“Not just yet.” Max pivoted to watch the sky. “Looks like ground-to-air rockets. That’s tracer fire—machine guns shooting back.”

“What’s happening?” Amina asked.

“Rebel ground forces firing at inbound birds, I’d say. About three clicks away from here.”

Rachel looped her arm around Amina’s waist, as much for her own comfort as Amina’s. “Are the rebels coming, then?”

“Maybe,” Max said. “Maybe not. Maybe we were just the bait all along. I think they want the Black Hawks.”

“Why?” Rachel glanced back and forth between Max and the jungle, half expecting someone else to drop down beside them, this time an enemy with a rifle or a knife.

“Intelligence, the weapons, maybe just the bragging rights.” Max shook her head. “Who knows how they think? Any kind of victory, even if it’s fabricated, probably helps them recruit more followers.”

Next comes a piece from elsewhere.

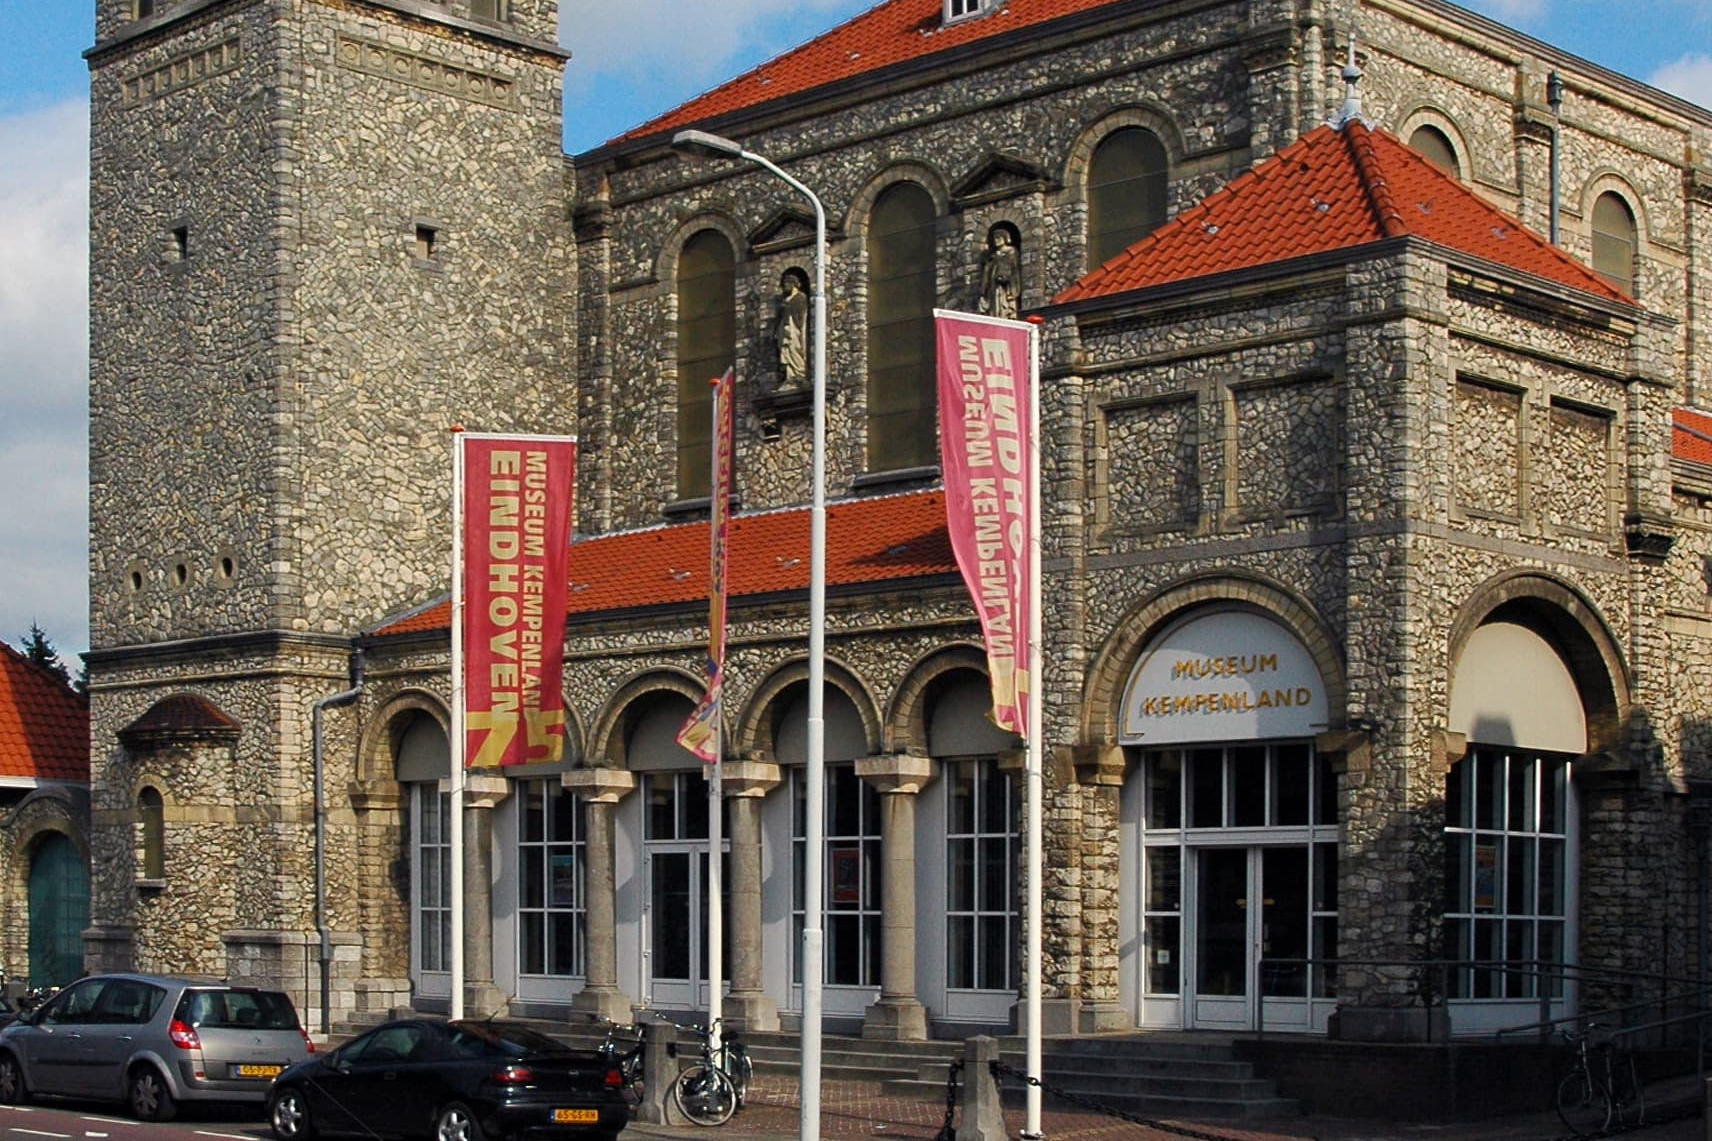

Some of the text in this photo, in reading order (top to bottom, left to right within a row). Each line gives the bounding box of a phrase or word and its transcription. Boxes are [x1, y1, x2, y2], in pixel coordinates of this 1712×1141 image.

[523, 450, 547, 557] MUSEUM
[489, 450, 521, 721] EINDHOVEN
[1174, 653, 1278, 678] MUSEUM
[1144, 687, 1312, 715] KEMPENLAND

“It’s crazy,” Rachel murmured.

“Yeah, it is.” Max gripped Rachel’s arm. “I’m going back out. Don’t fire unless you hear shooting first. Then if anyone approaches and it’s not me, fire at anything that moves.”

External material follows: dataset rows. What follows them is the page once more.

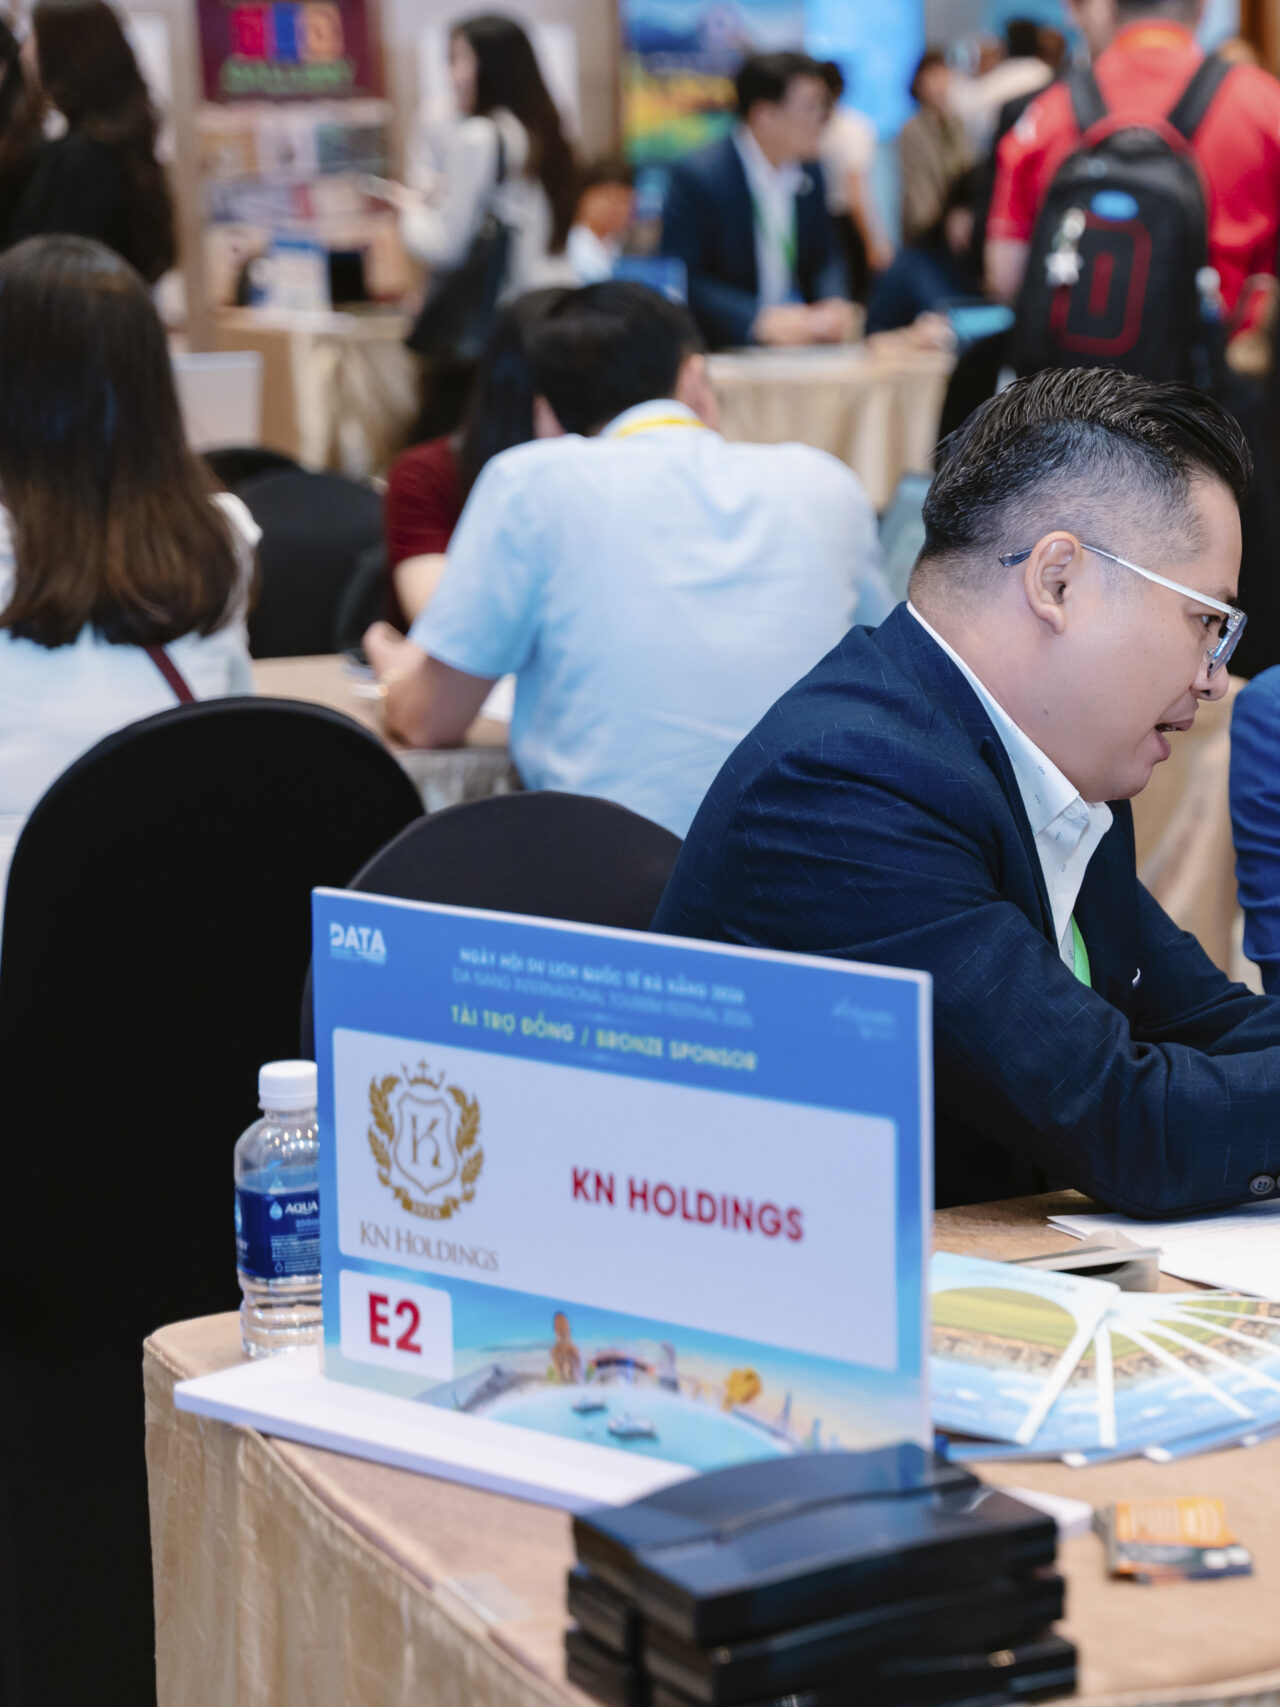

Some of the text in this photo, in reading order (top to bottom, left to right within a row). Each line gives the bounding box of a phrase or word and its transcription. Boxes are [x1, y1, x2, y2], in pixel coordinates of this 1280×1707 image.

[330, 922, 387, 953] DATA
[527, 957, 546, 975] DU
[452, 1001, 477, 1028] TÀI
[483, 1009, 516, 1036] TRỢ
[521, 1010, 575, 1041] ĐỒNG
[596, 1028, 663, 1059] BRONZE
[669, 1039, 758, 1072] SPONSOR
[412, 1113, 443, 1169] K
[571, 1164, 805, 1244] KN HOLDINGS
[359, 1221, 391, 1248] KN
[368, 1290, 422, 1356] E2

“Stay here.” Rachel heard the tremor in her voice this time and didn’t care. She wasn’t afraid to be left alone—she was afraid for Max to be alone out there in the dark. “Please.”

Max’s fingers tightened on her arm. “We’ve got a better chance if I go. I’ll be back.”

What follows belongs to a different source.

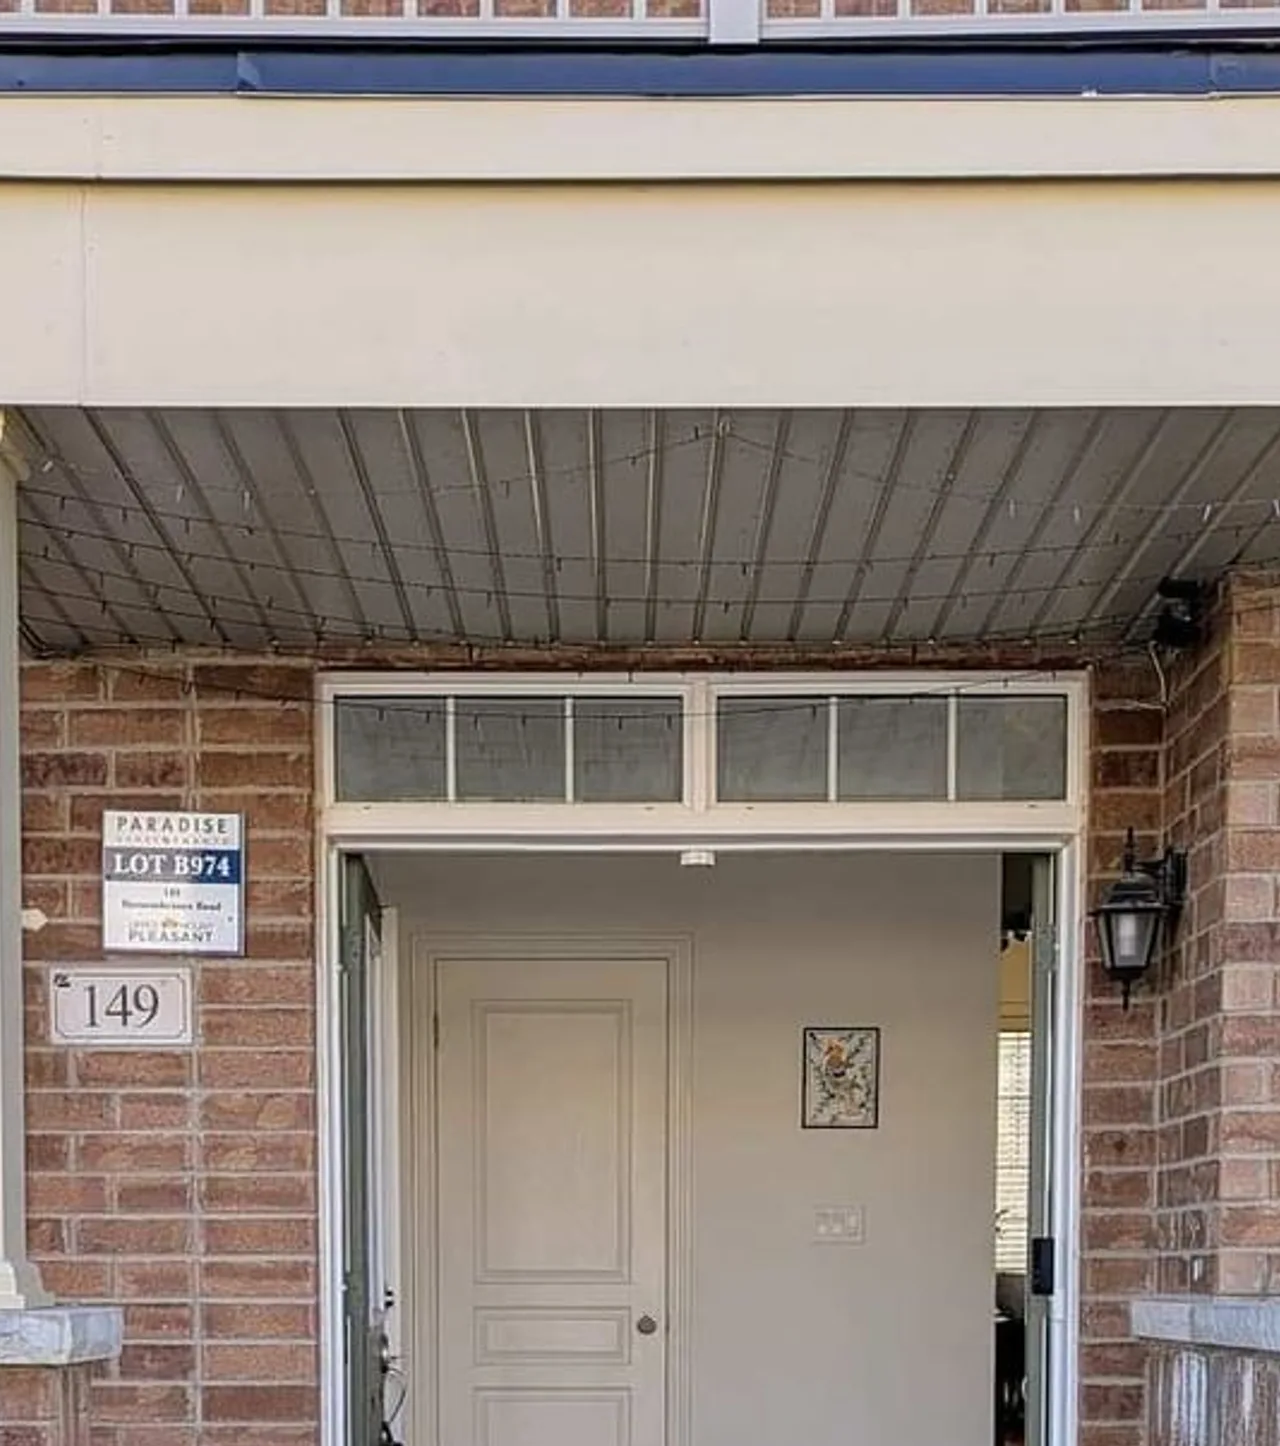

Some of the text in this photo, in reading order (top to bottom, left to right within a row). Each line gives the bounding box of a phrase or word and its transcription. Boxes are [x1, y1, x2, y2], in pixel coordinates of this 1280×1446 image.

[116, 816, 227, 834] PARADISE
[114, 852, 231, 877] LOT B974
[128, 928, 213, 942] PLEASANT
[84, 984, 159, 1028] 149

“Do you keep your promises?”

“Yes.”

“Then promise.”

Max hesitated, moonlight glinting in her eyes. “I’ll do my best. I promise.”

“Your best better be damn—”

Max jerked her rifle to her shoulder. “Get down.”

Rachel ducked and pushed Amina behind her. Keeping her head below the top of the barrier, she crowded next to Max and squinted into the dark. Another explosion lit up the camp and she saw them. Shadows within shadows, creeping out from the jungle. Animals? Humans? Her imagination?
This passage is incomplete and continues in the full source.